Dopo i convenevoli di rito ecco la conferma attesa: verrà proposta per intero
l’omonima suite di “The Incident”, ultimo full-length uscito di recente tramite
Roadrunner Records. L’ultimo album della rock band britannica ha colpito ancora
una volta per la ricchezza di contenuti lirici, per il grande assortimento di
soluzioni tecniche e gli arrangiamenti adottati in sede di songwriting e, non
ultimo, per quel gusto così pungente che i porcospini stanno sempre più
affinando nel corso del tempo. Il gruppo ha proposto i quattordici pezzi della
suite in successione, da Occam’s Razor a I Drive the Hearse: lo show così
progettato ha calamitato emozioni e immaginazione di chi ha avuto la fortuna di
presenziare. Si è goduto della bellezza di pezzi come l’introspettiva The Blind
House, l’accattivante Drawing the Line, la mistica title track o la sognante e
romantica Time Flies, come si è potuto ammirare quattro musicisti dotati di
classe sopraffina. Wilson, Barbieri, Harrison (quest’ultimo un vero maestro
dietro le pelli) e gli altri hanno suonato senza sbavature, sincronizzati alla
perfezione con le immagini del concept proiettate alle loro spalle, per un
risultato complessivo di elevata caratura e dove nulla è stato lasciato al caso.

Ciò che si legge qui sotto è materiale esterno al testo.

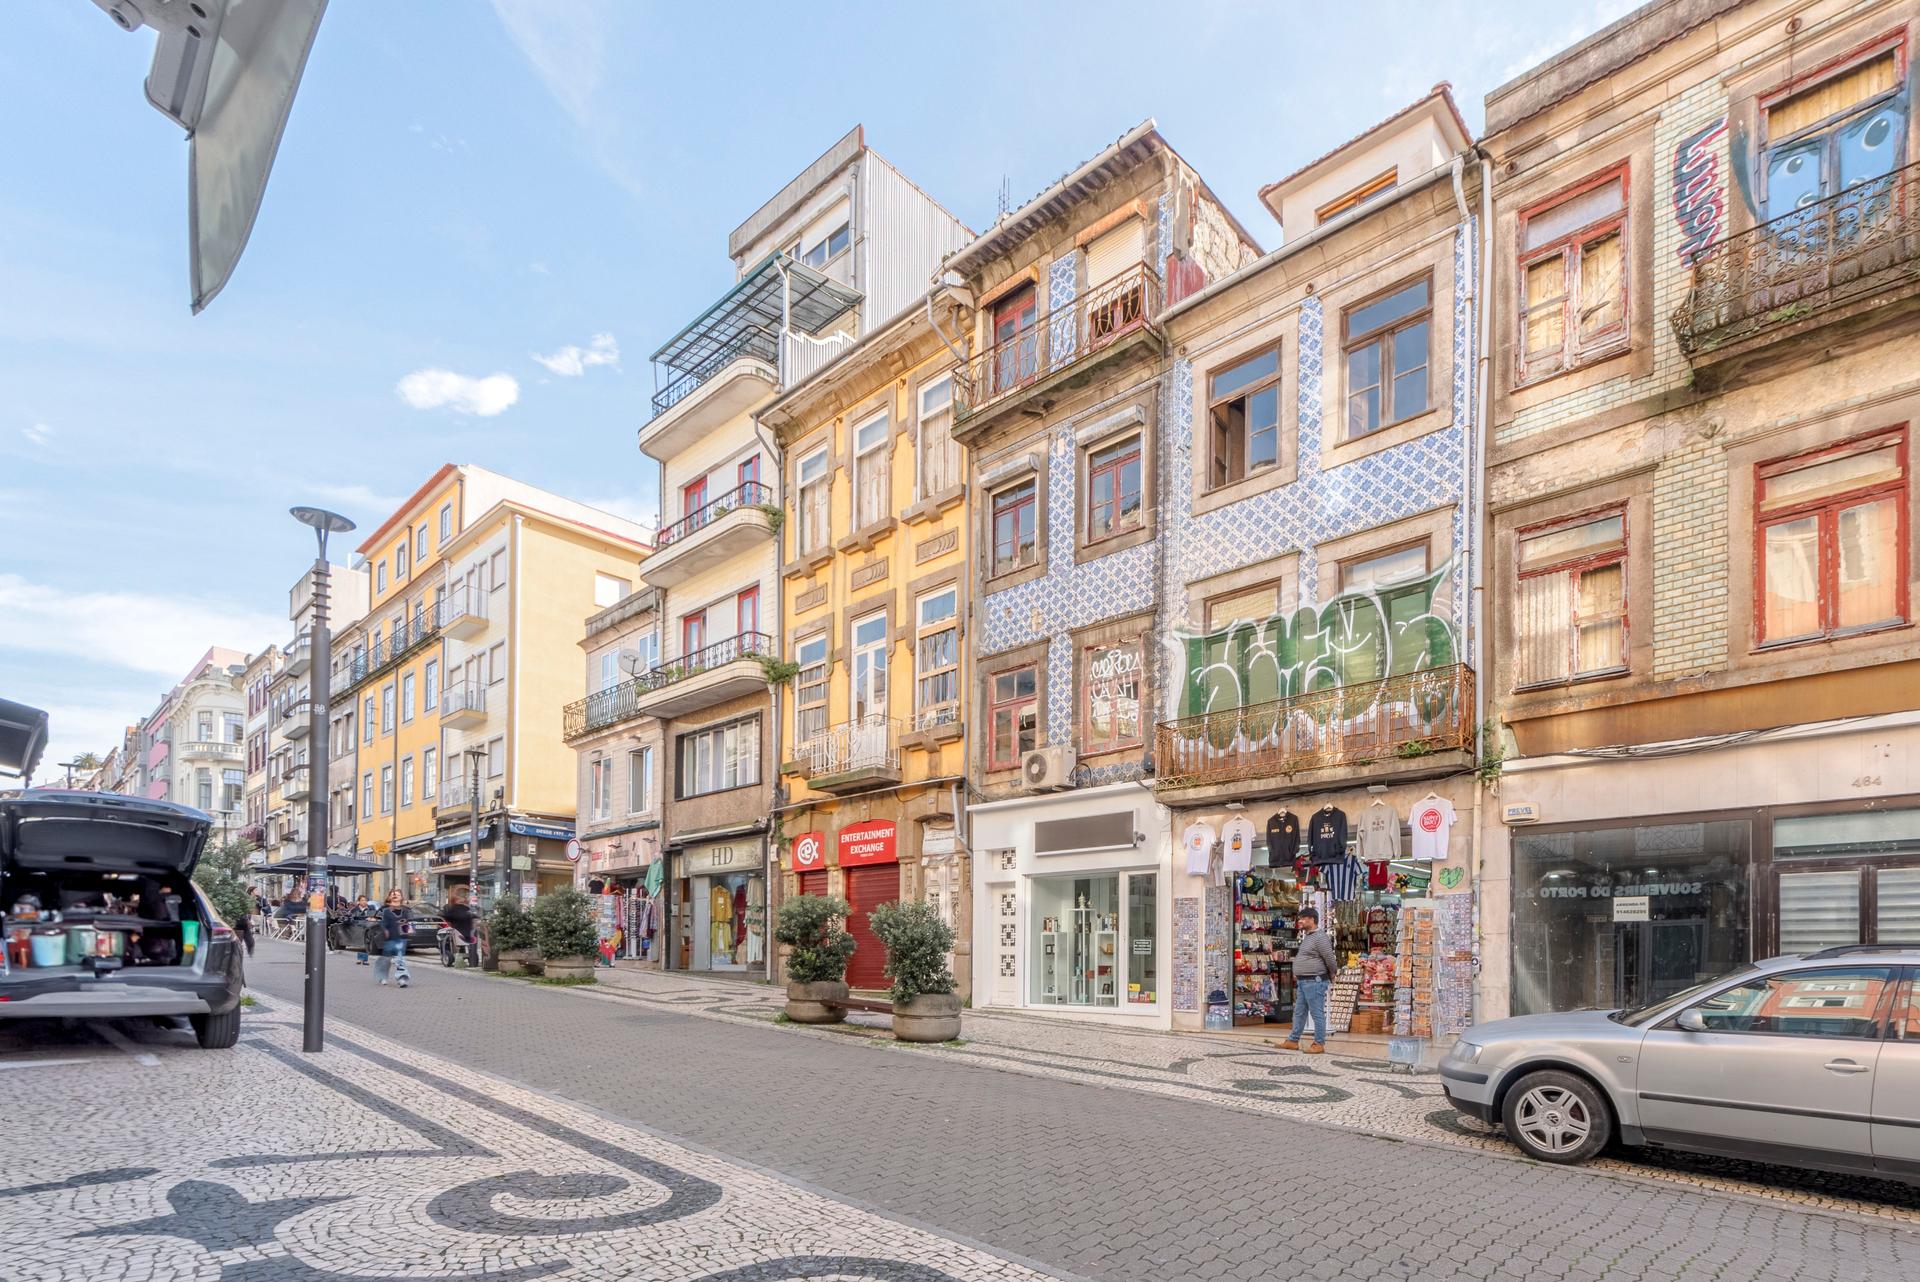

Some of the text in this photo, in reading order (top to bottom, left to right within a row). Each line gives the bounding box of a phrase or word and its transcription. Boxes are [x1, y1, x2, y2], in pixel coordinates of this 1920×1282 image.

Tempo qualche minuto per riprendere fiato e riaccordare gli strumenti ed eccoli
nuovamente on-stage a proporre altri pezzi su cui spiccano l’estratta da “Deadwing”,
The Start of Something Beautiful, la nuova e particolare Bonnie the Cat o
l’inattesa Stars Die, vera rarità per un loro live. Tra una battuta e l’altra,
ha chiuso un encore di super classici estratti da quello che forse potrebbe
esser classificato come il capolavoro della loro discografia, “In Absentia”. Si
è trattato di The Sound of Muzak e di Trains, vero cavallo di battaglia con cui
i cinque salutano i tanti presenti. Ottimi infine i suoni e i volumi. Non c’è
che dire: uno show davvero ben riuscito!